■ Referring expression grounding data ■
^^^^

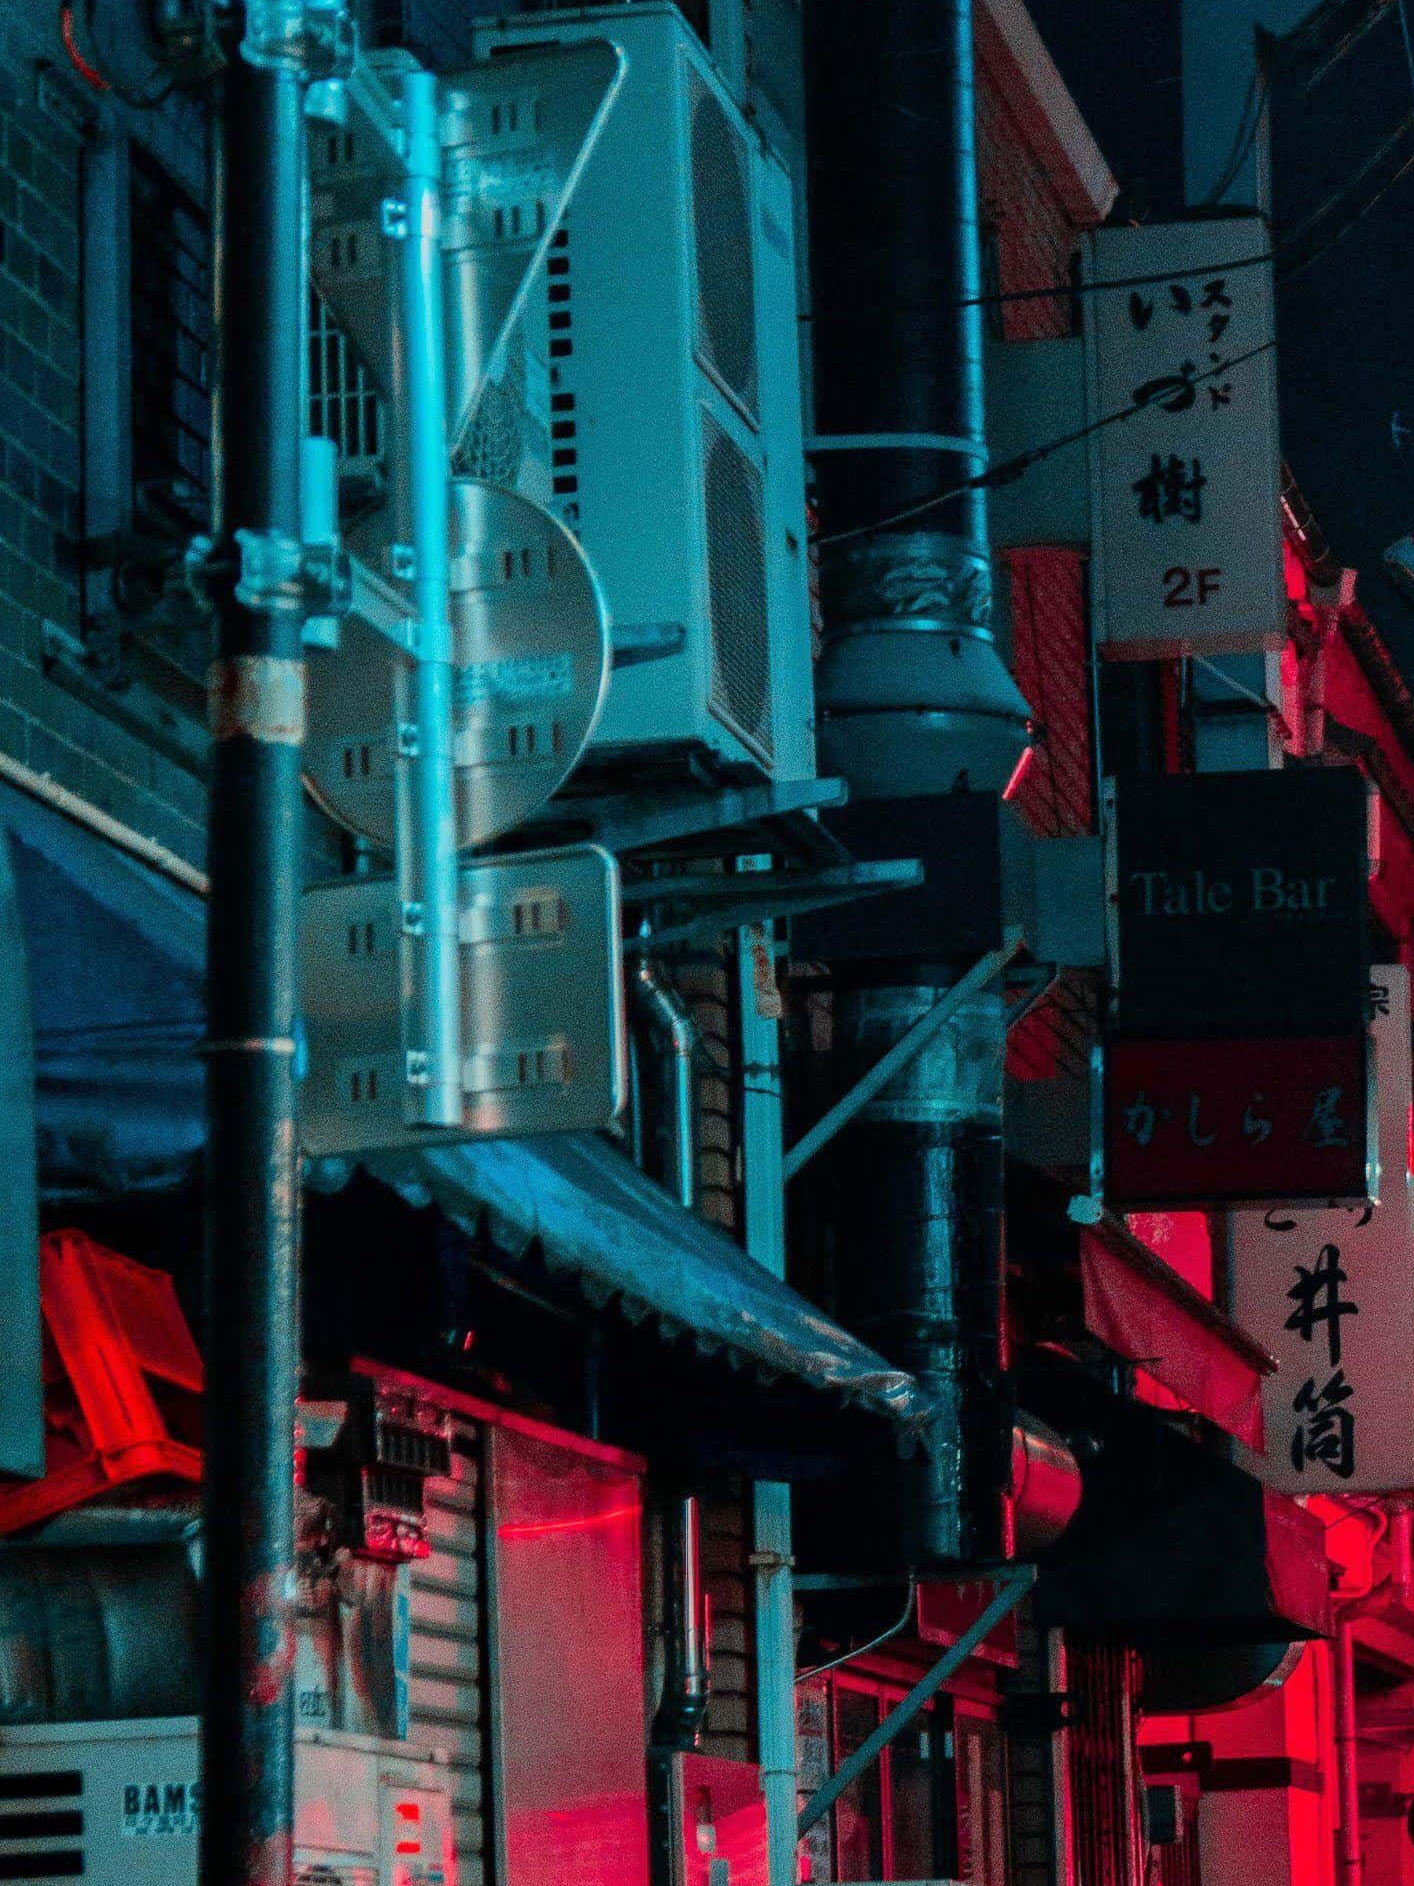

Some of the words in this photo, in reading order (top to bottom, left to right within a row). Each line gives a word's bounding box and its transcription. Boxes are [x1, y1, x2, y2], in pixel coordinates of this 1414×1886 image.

[1163, 567, 1222, 608] 2F
[1130, 871, 1233, 915] Tale
[1251, 867, 1336, 912] Bar
[1121, 1085, 1349, 1149] かしら屋
[1285, 1244, 1359, 1480] 井筒

^^^^

■ WORK INSTRUCTION ■
The copy must match each record exactly, apart from the images, which stay out.

■ TASK OUTPUT ■
Some of the words in this photo, in reading order (top to bottom, left to right within a row). Each line gives a word's bounding box and its transcription. Boxes are [x1, y1, x2, y2], in pixel coordinates of this 1414×1886 image.

[1163, 567, 1222, 608] 2F
[1130, 871, 1233, 915] Tale
[1251, 867, 1336, 912] Bar
[1121, 1085, 1349, 1149] かしら屋
[1285, 1244, 1359, 1480] 井筒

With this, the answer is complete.